### Work task
You are asked to write out the entries exactly as they are given.

### Excerpted records ###

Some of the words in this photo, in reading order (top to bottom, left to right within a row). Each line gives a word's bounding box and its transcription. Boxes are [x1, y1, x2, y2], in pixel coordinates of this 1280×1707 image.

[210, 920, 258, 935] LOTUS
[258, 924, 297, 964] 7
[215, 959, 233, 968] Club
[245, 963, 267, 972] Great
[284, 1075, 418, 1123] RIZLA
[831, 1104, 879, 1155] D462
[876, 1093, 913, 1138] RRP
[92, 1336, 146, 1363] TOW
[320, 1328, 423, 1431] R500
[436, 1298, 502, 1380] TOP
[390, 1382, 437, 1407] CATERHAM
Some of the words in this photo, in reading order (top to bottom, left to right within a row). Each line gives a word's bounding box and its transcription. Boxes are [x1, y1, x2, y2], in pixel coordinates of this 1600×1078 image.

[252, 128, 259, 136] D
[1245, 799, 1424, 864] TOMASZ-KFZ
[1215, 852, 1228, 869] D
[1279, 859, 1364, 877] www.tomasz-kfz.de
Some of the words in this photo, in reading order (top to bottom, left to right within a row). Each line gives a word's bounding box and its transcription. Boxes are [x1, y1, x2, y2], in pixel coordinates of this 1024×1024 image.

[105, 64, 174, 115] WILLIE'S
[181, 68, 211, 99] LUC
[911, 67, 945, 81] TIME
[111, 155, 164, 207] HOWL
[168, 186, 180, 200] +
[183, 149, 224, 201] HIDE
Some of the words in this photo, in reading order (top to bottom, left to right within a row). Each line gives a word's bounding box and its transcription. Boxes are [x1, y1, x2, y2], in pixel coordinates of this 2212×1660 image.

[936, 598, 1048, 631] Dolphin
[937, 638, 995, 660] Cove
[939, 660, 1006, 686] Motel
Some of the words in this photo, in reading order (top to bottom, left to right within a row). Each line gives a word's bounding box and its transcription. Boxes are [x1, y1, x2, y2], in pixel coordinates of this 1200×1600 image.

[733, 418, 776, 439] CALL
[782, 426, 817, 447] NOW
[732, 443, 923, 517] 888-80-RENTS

###

### Task output
Some of the words in this photo, in reading order (top to bottom, left to right within a row). Each line gives a word's bounding box and its transcription. Boxes are [x1, y1, x2, y2], in pixel coordinates of this 1280×1707 image.

[210, 920, 258, 935] LOTUS
[258, 924, 297, 964] 7
[215, 959, 233, 968] Club
[245, 963, 267, 972] Great
[284, 1075, 418, 1123] RIZLA
[831, 1104, 879, 1155] D462
[876, 1093, 913, 1138] RRP
[92, 1336, 146, 1363] TOW
[320, 1328, 423, 1431] R500
[436, 1298, 502, 1380] TOP
[390, 1382, 437, 1407] CATERHAM
Some of the words in this photo, in reading order (top to bottom, left to right within a row). Each line gives a word's bounding box and its transcription. Boxes are [x1, y1, x2, y2], in pixel coordinates of this 1600×1078 image.

[252, 128, 259, 136] D
[1245, 799, 1424, 864] TOMASZ-KFZ
[1215, 852, 1228, 869] D
[1279, 859, 1364, 877] www.tomasz-kfz.de
Some of the words in this photo, in reading order (top to bottom, left to right within a row). Each line gives a word's bounding box and its transcription. Boxes are [x1, y1, x2, y2], in pixel coordinates of this 1024×1024 image.

[105, 64, 174, 115] WILLIE'S
[181, 68, 211, 99] LUC
[911, 67, 945, 81] TIME
[111, 155, 164, 207] HOWL
[168, 186, 180, 200] +
[183, 149, 224, 201] HIDE
Some of the words in this photo, in reading order (top to bottom, left to right within a row). Each line gives a word's bounding box and its transcription. Boxes are [x1, y1, x2, y2], in pixel coordinates of this 2212×1660 image.

[936, 598, 1048, 631] Dolphin
[937, 638, 995, 660] Cove
[939, 660, 1006, 686] Motel
Some of the words in this photo, in reading order (top to bottom, left to right within a row). Each line gives a word's bounding box and its transcription. Boxes are [x1, y1, x2, y2], in pixel coordinates of this 1200×1600 image.

[733, 418, 776, 439] CALL
[782, 426, 817, 447] NOW
[732, 443, 923, 517] 888-80-RENTS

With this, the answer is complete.